Pontos que ainda podem ser levantados como falhas ou dois passos para frente e um para trás, como as cenas de sexo serem tão púdicas acabam tendo ressonância no próprio livro. Esses e outros temas um tanto mais polêmicos são bem mais explorados no filme, por mais que mais de meio século faça uma grande diferença em questões de auto-controle artístico. Mesmo que sejam considerados independentes, tanto Kerouac quanto Salles ainda acabam participando do mainstream e é inevitável que um sacrifício seja feito, mas a grande questão é: ele era desejável? Enquanto isso outras falhas são mais evidentes, como todo o segmento com Old Bull Lee (Viggo Mortensen), que por sinal já era uma barriga um tanto longa no livro.

São questões como essa que ficaram na minha cabeça depois do filme. Talvez seja uma crítica bem forte de Salles ao próprio movimento beat, à passividade de Jack/Sal, a um exagero de persona e uma falta de personalidade por parte de Neal/Dean e o próprio partido que toma por Allen/Carlo, o mais sensato, o mais analítico, e que apesar de delírios Rimbaudianos foi também o que mais soube fazer essa ponte entre o mundo real, as aventuras e o mundo das ideias, um pouco encarnando a persona de Salles. E na figura de Dean, temos o rebelde, o desejo de ir além dos próprios limites, mas que ao mesmo tempo é criado por uma falta de uma base (histórica?), nas buscas pelo pai, esposas e filhos e acaba não encontrando um destino próprio.
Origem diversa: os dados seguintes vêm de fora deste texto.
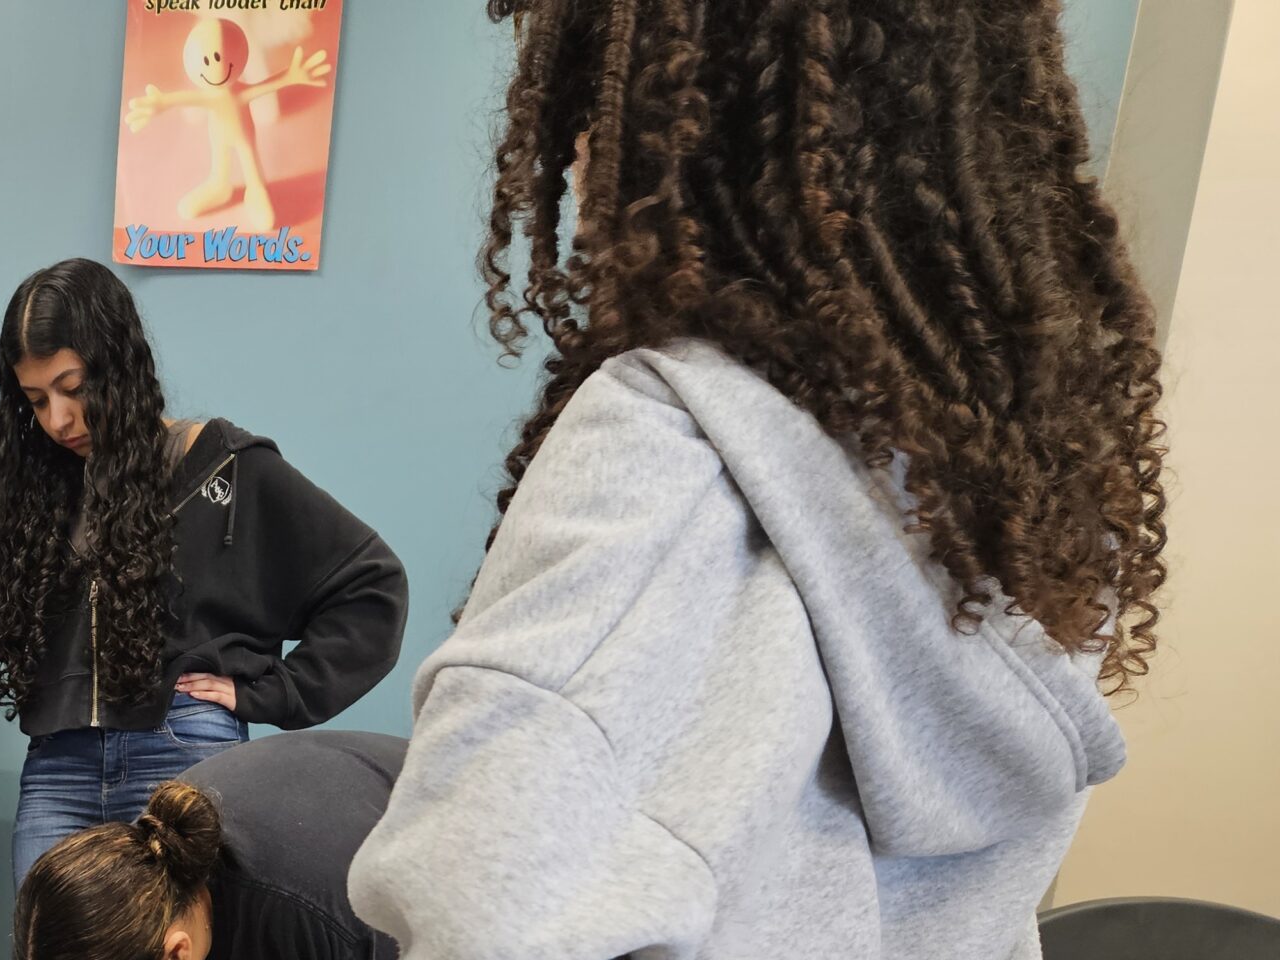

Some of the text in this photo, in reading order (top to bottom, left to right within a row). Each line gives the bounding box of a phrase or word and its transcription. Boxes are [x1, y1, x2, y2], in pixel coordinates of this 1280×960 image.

[145, 0, 326, 13] speak louder than
[124, 223, 312, 263] Your Words.
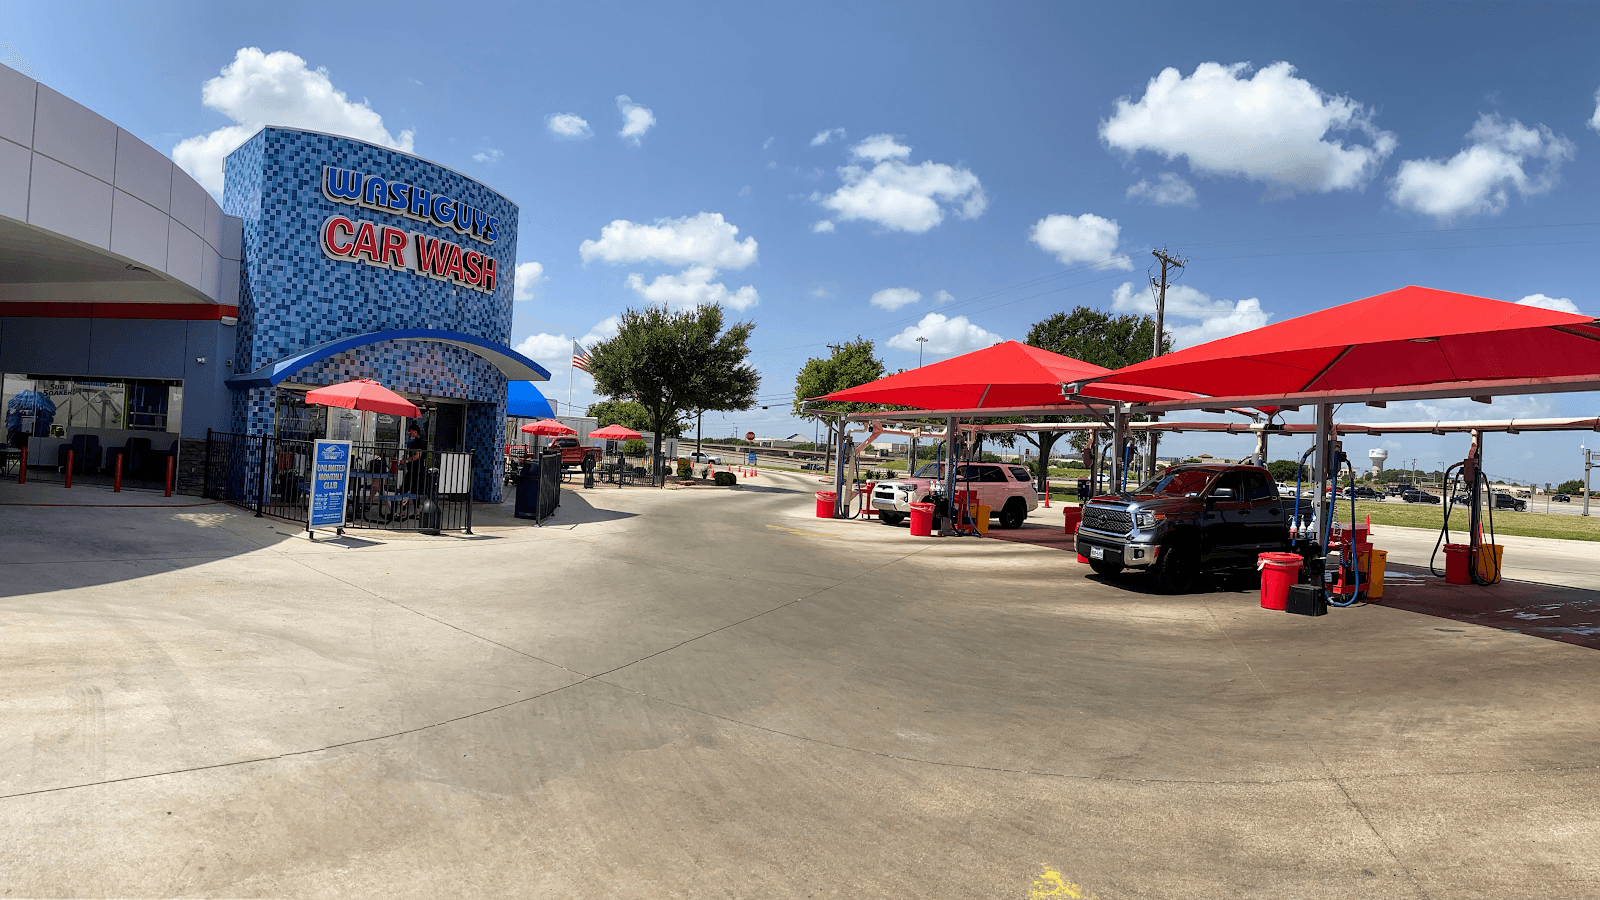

Seja para Jack, Neal, Carlo, Allen, Walter (ou o espectador), resta a figura de uma pessoa perdida, sem rumo, sem futuro, com um passado que artisticamente, historicamente e até socialmente apresentam nulo valor. Um homem que foi a estrada e continua em busca de seu ponto final.

Ao menos, Salles conseguiu o que muita gente não acreditava ser possível: Fez uma leitura sua da obra de Kerouac, não uma mera adaptação. Por mais que possa ter falhas e momentos mortos, isso em si já é algo louvável.

PS: Um adendo bem rápido que eu esqueci de mencionar no texto. O Steve Buscemi está incrível, como sempre, num minúsculo papel, praticamente não-creditado (e que acredito não ser originário do livro).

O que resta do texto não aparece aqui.